[[ Input, beginning ]]

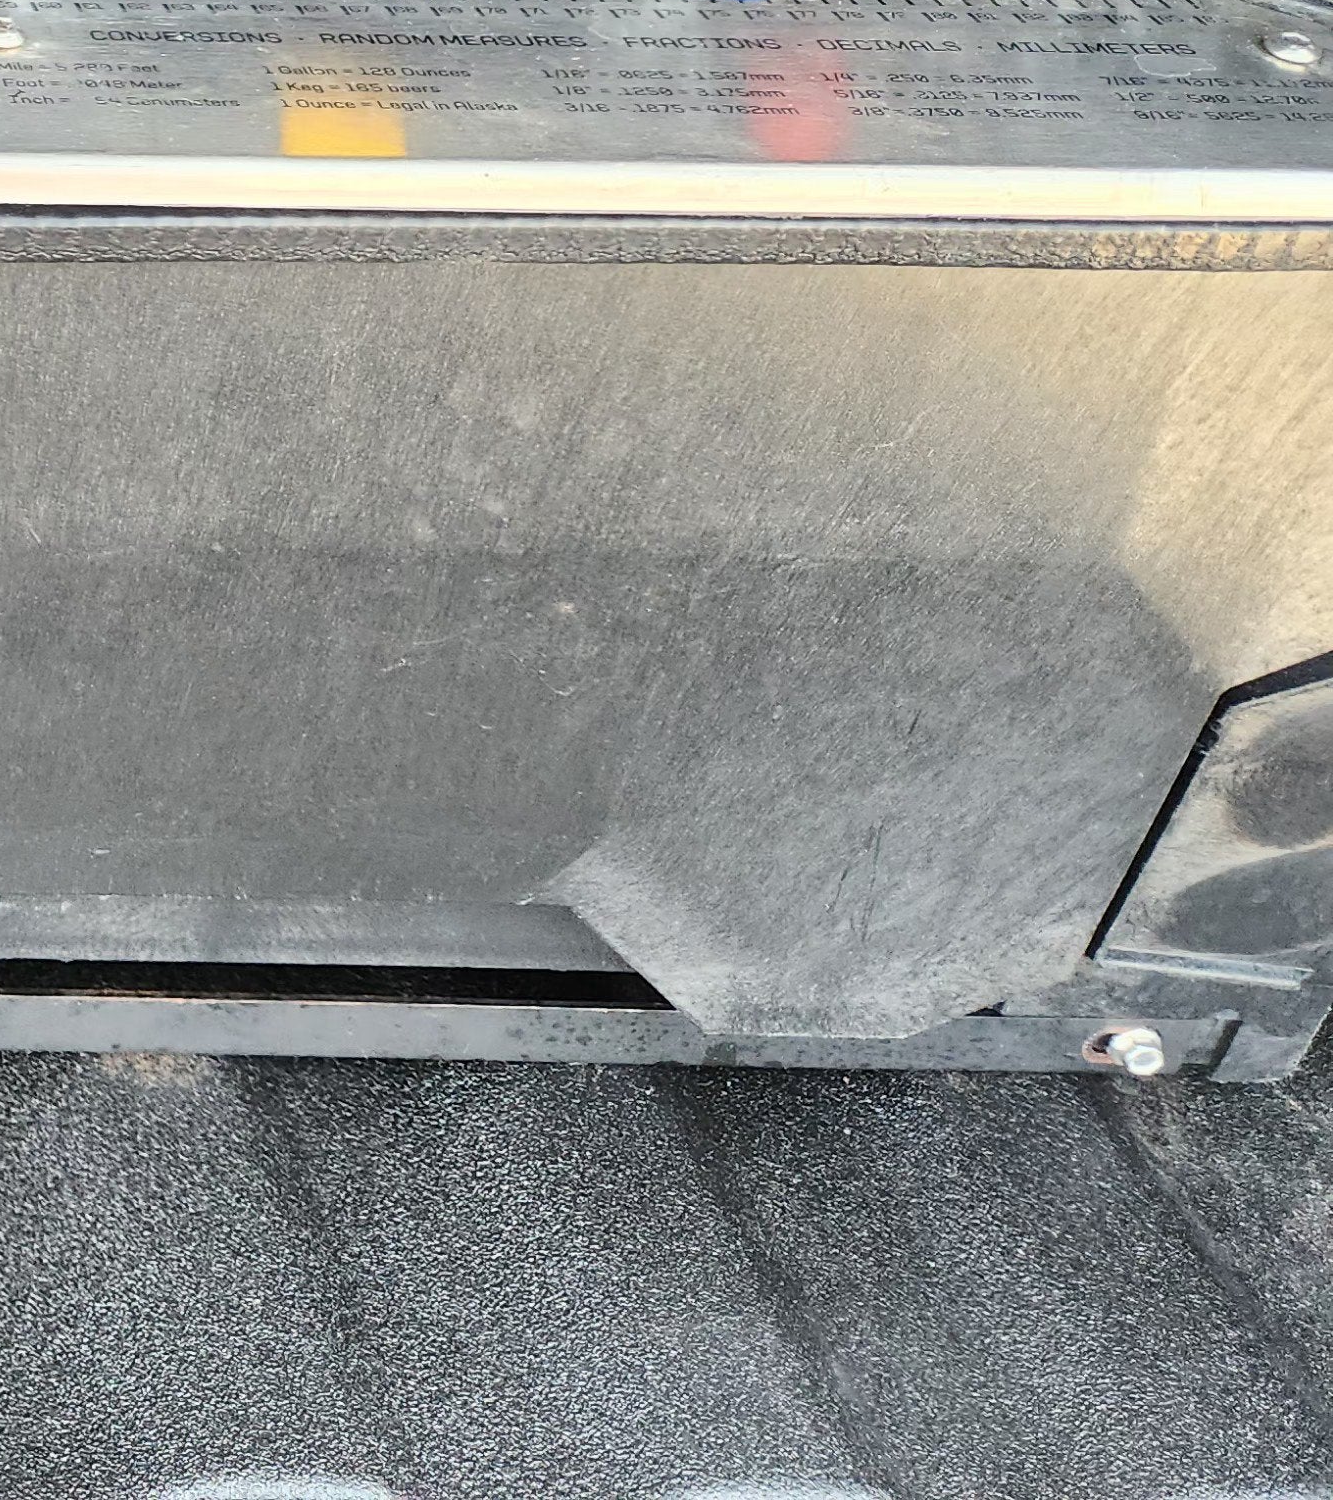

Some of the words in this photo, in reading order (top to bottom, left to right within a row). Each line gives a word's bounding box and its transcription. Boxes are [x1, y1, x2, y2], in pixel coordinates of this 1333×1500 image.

[89, 30, 282, 44] CONVERSIONS
[318, 33, 434, 46] RANDOM
[439, 35, 587, 48] MEASURES
[622, 37, 782, 50] FRACTIONS
[816, 39, 963, 52] DECIMALS
[995, 42, 1197, 56] MILLIMETERS
[262, 66, 273, 74] 1
[278, 66, 337, 76] Gallon
[359, 66, 397, 76] 128
[401, 67, 471, 78] Ounces
[693, 71, 785, 82] 1.587mm
[1, 78, 45, 88] Foot
[129, 80, 183, 88] Meter
[885, 73, 930, 83] .250
[950, 74, 1033, 84] 6.35mm
[270, 82, 283, 90] 1
[286, 82, 325, 93] Keg
[345, 82, 383, 92] 165
[387, 83, 442, 94] beers
[617, 86, 674, 97] .1250
[697, 88, 786, 98] 3.175mm
[8, 94, 55, 104] Inch
[279, 98, 292, 108] 1
[295, 99, 357, 109] Ounce
[377, 100, 431, 112] Legal
[433, 100, 451, 111] in
[454, 100, 519, 112] Alaska
[633, 103, 685, 114] .1875
[706, 104, 800, 115] 4.762mm
[908, 108, 965, 117] .3750
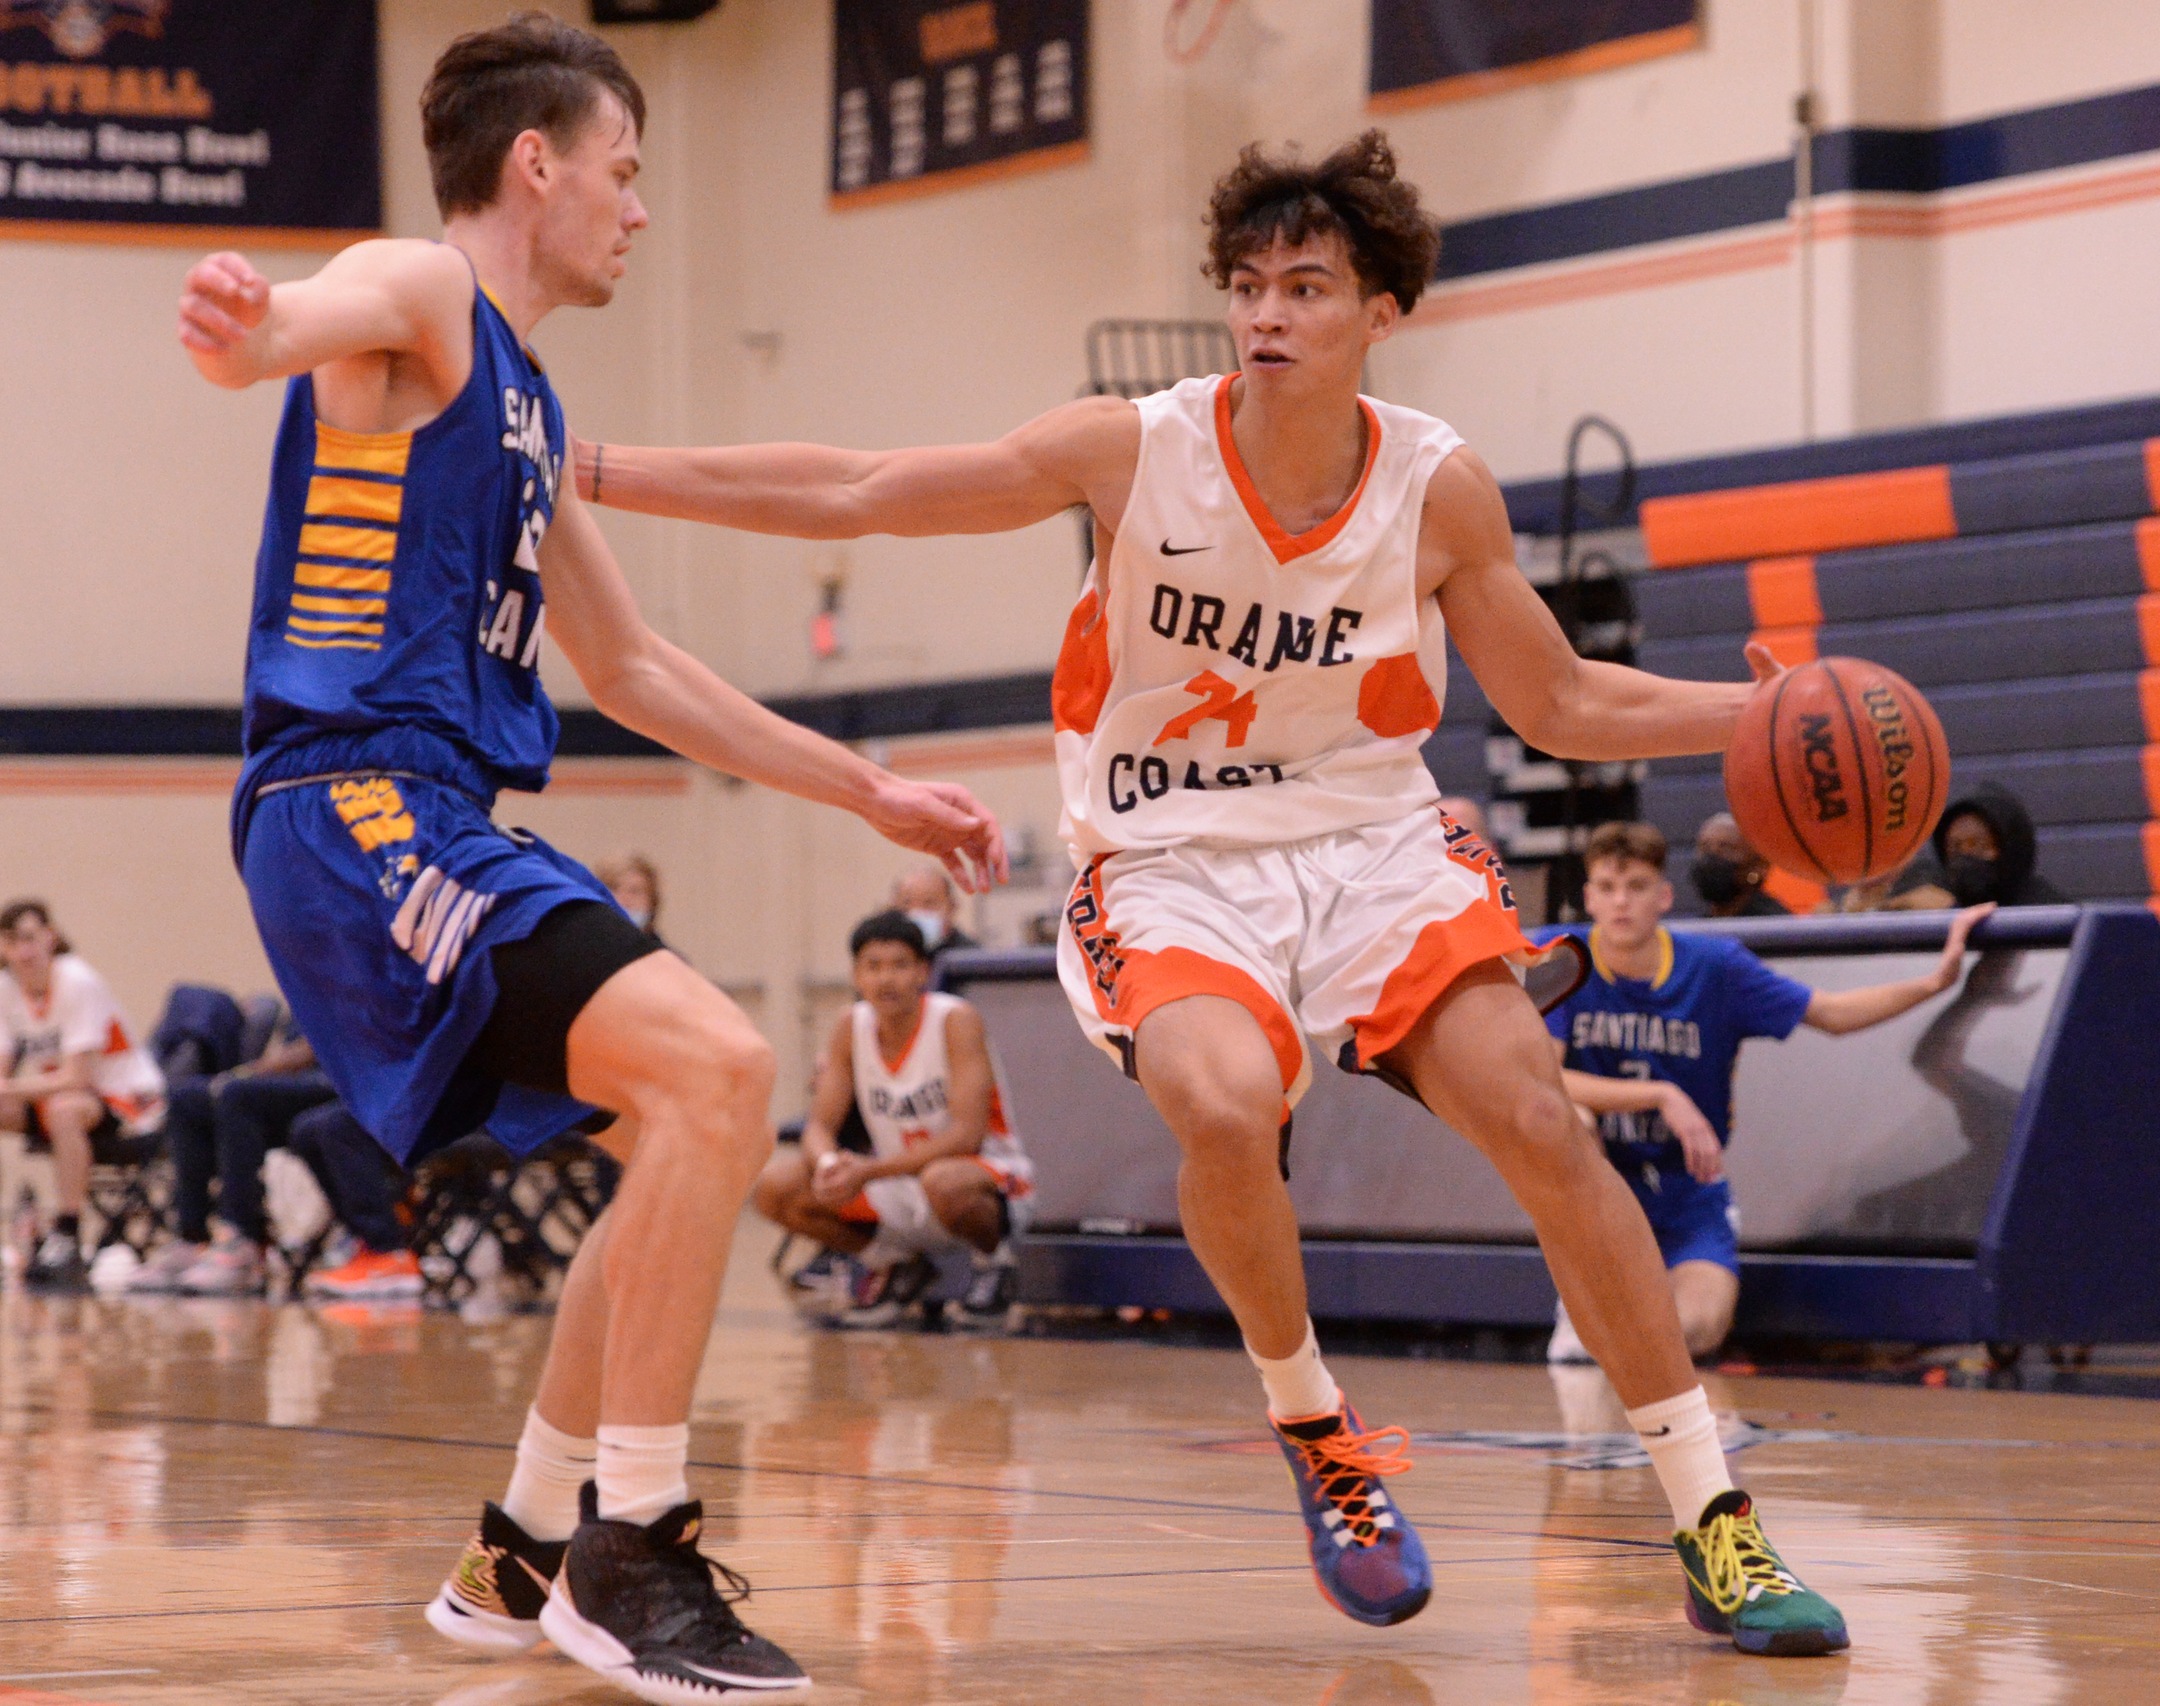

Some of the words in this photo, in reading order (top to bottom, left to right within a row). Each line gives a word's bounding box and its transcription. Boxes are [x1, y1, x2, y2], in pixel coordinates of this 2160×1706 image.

[[ Input, end ]]

Task details: Transcribe all of the records above character for character. Exclude the pictures.

Task answer:
Some of the words in this photo, in reading order (top to bottom, left to right within a row). Each line gives a word's bounding box and its transcription. Boxes are [x1, y1, x2, y2], in pixel coordinates of this 1333×1500 image.

[89, 30, 282, 44] CONVERSIONS
[318, 33, 434, 46] RANDOM
[439, 35, 587, 48] MEASURES
[622, 37, 782, 50] FRACTIONS
[816, 39, 963, 52] DECIMALS
[995, 42, 1197, 56] MILLIMETERS
[262, 66, 273, 74] 1
[278, 66, 337, 76] Gallon
[359, 66, 397, 76] 128
[401, 67, 471, 78] Ounces
[693, 71, 785, 82] 1.587mm
[1, 78, 45, 88] Foot
[129, 80, 183, 88] Meter
[885, 73, 930, 83] .250
[950, 74, 1033, 84] 6.35mm
[270, 82, 283, 90] 1
[286, 82, 325, 93] Keg
[345, 82, 383, 92] 165
[387, 83, 442, 94] beers
[617, 86, 674, 97] .1250
[697, 88, 786, 98] 3.175mm
[8, 94, 55, 104] Inch
[279, 98, 292, 108] 1
[295, 99, 357, 109] Ounce
[377, 100, 431, 112] Legal
[433, 100, 451, 111] in
[454, 100, 519, 112] Alaska
[633, 103, 685, 114] .1875
[706, 104, 800, 115] 4.762mm
[908, 108, 965, 117] .3750

Some of the words in this photo, in reading order (top to bottom, left to right within a row). Each line gives a word's bounding box and its transcription. Boxes are [x1, y1, x2, y2], in pixel coordinates of this 2160×1706 image.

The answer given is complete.